= Intelligibility (communication) =

Speech comprehensibility measure

In speech communication, intelligibility is a measure of how comprehensible speech is in given conditions. Intelligibility is affected by the level (loud but not too loud) and quality of the speech signal, the type and level of background noise, reverberation (some reflections but not too many), and, for speech over communication devices, the properties of the communication system. A common standard measurement for the quality of the intelligibility of speech is the Speech Transmission Index (STI). The concept of speech intelligibility is relevant to several fields, including phonetics, human factors, acoustical engineering, and audiometry.

== Important Influences ==

Speech is considered to be the major method of communication between humans. Humans alter the way they speak and hear according to many factors, like the age, gender, native language and social relationship between talker and listener. Speech intelligibility may also be affected by pathologies such as speech and hearing disorders.

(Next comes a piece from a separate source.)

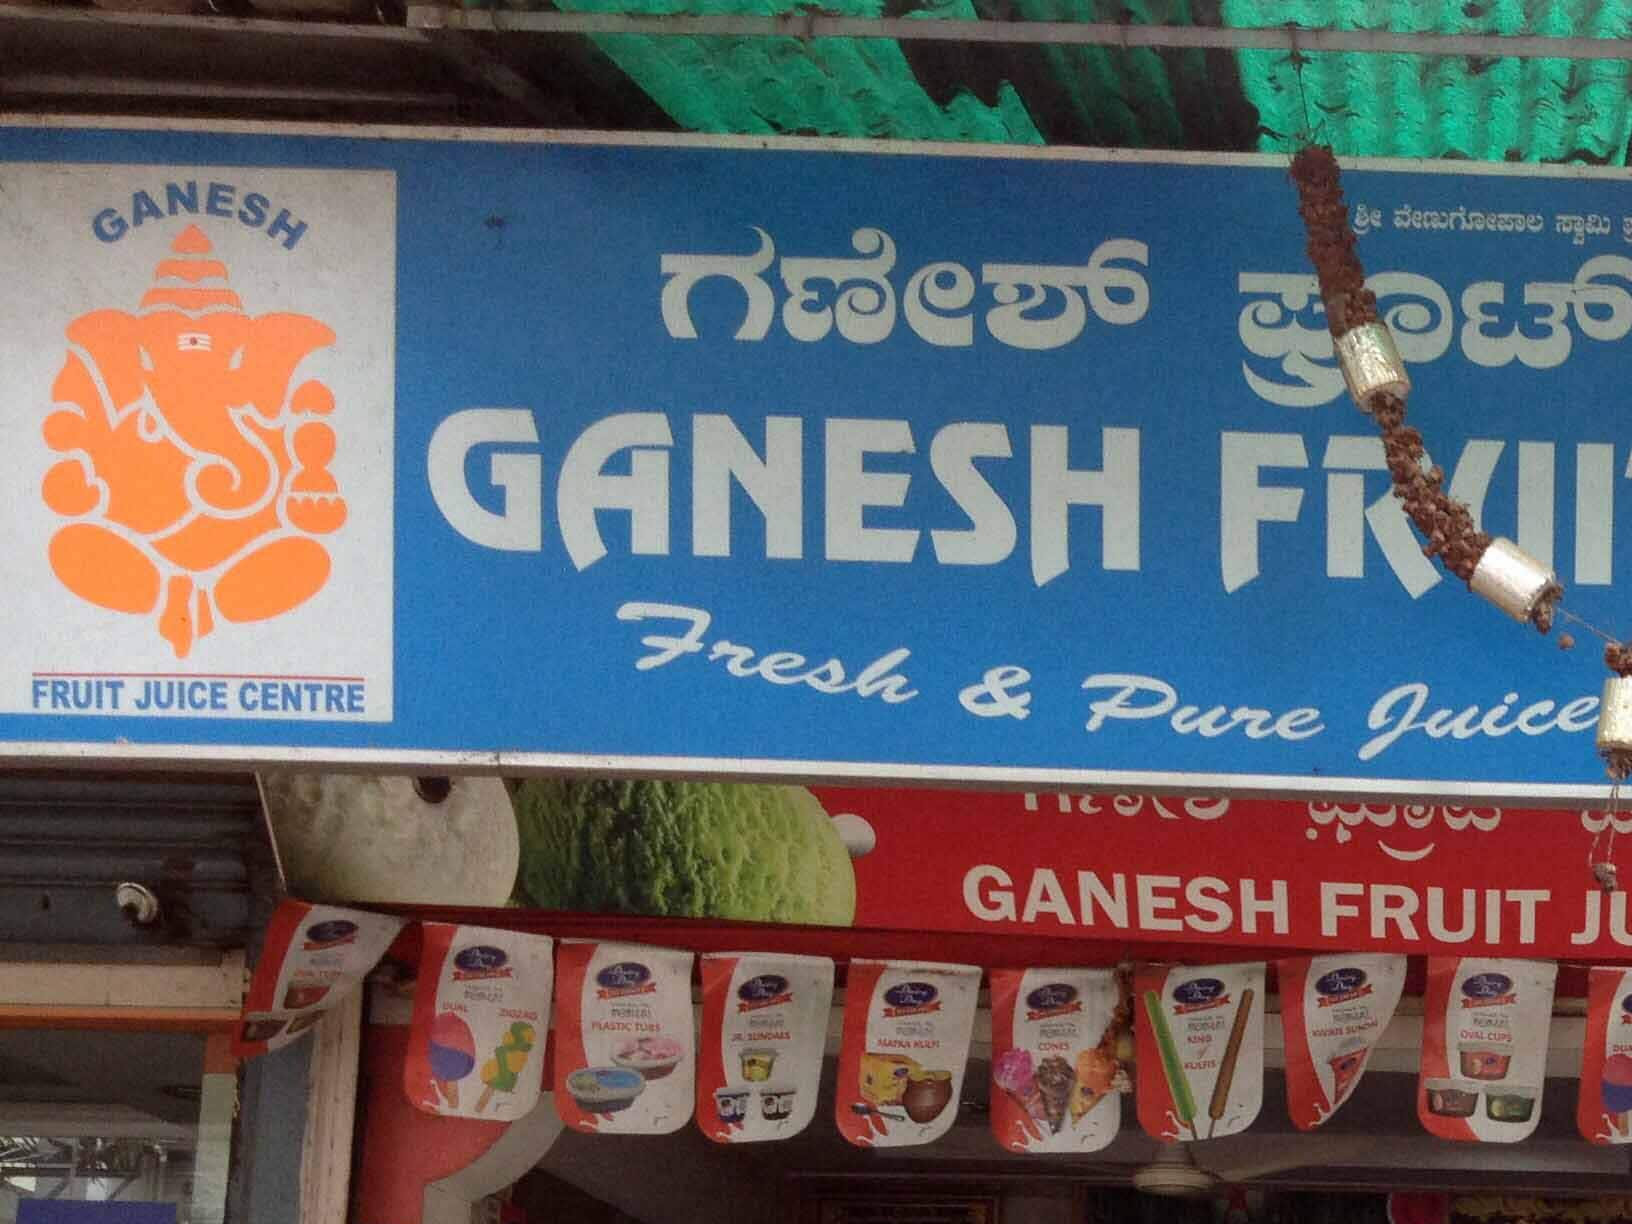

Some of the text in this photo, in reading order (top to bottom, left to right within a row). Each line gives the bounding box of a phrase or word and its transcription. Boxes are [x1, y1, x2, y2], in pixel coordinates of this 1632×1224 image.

Finally, speech intelligibility is influenced by the environment or limitations on the communication channel. How well a spoken message can be understood in a room is influenced by the
- background noise,
- reverberation, and
- frequency response of the room, as well as the
- sound pressure level and
- distortion of the sound reinforcement system

== Noise levels and reverberation ==

Intelligibility is negatively impacted by background noise and too much reverberation. The relationship between sound and noise levels is generally described in terms of a signal-to-noise ratio. With a background noise level between 35 and 100 dB, the threshold for 100% intelligibility is usually a signal-to-noise ratio of 12 dB. 12 dB means that the signal should be roughly 4 times louder than the background noise. The speech signal ranges from about 200–8000 Hz, while human hearing ranges from about 20-20,000 Hz, so the effects of masking depend on the frequency range of the masking noise. Additionally, different speech sounds make use of different parts of the speech frequency spectrum, so a continuous background noise such as white or pink noise will have a different effect on intelligibility than a variable or modulated background noise such as competing speech, multi-talker or "cocktail party" babble, or industrial machinery.

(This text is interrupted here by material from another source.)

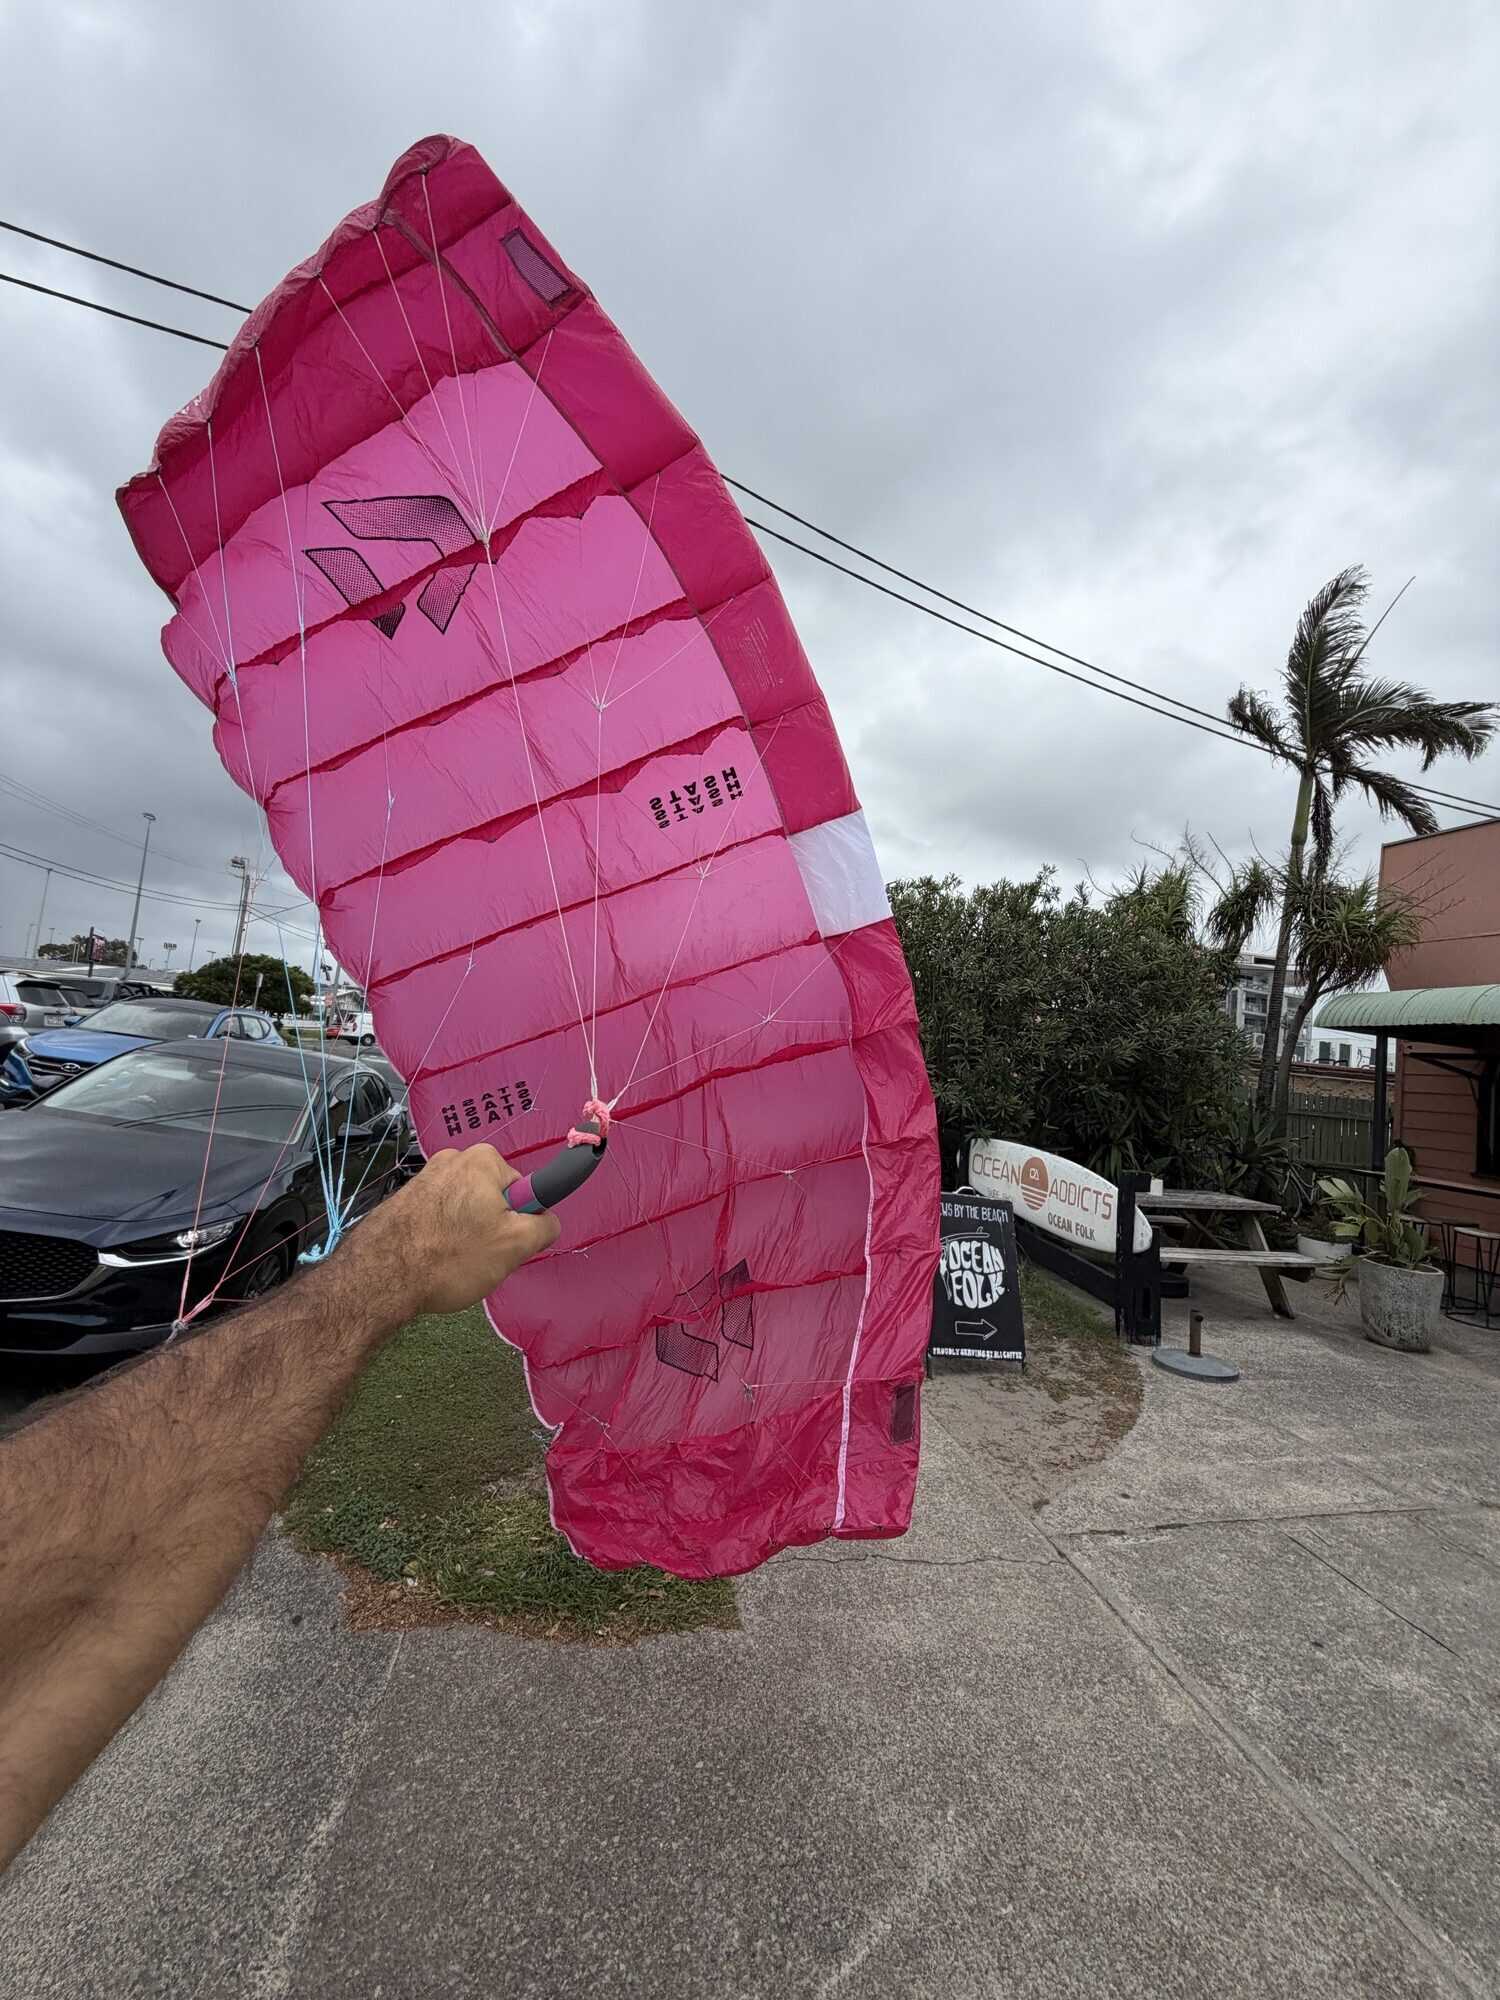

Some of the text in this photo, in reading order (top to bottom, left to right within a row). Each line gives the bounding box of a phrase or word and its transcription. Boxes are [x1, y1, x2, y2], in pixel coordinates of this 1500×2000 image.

Reverberation also affects the speech signal by blurring speech sounds over time. This has the effect of enhancing vowels with steady states, while masking stops, glides and vowel transitions, and prosodic cues such as pitch and duration.

The fact that background noise compromises intelligibility is exploited in audiometric testing involving spoken speech and some linguistic perception experiments as a way to compensate for the ceiling effect by making listening tasks more difficult.

== Intelligibility standards ==

| Quantity to be measured | Unit of measurement | Good values |
|---|---|---|
| STI | Intelligibility (internationally known) | > 0.6 |
| CIS | Intelligibility (internationally known) | > 0.78 |
| %Alcons | Articulation loss (popular in USA) | < 10% |
| C50 | Clarity index (widespread in Germany) | > 3 dB |
| RASTI (obsolete) | Intelligibility (internationally known) | > 0.6 |

Word articulation remains high even when only 1–2% of the wave is unaffected by distortion.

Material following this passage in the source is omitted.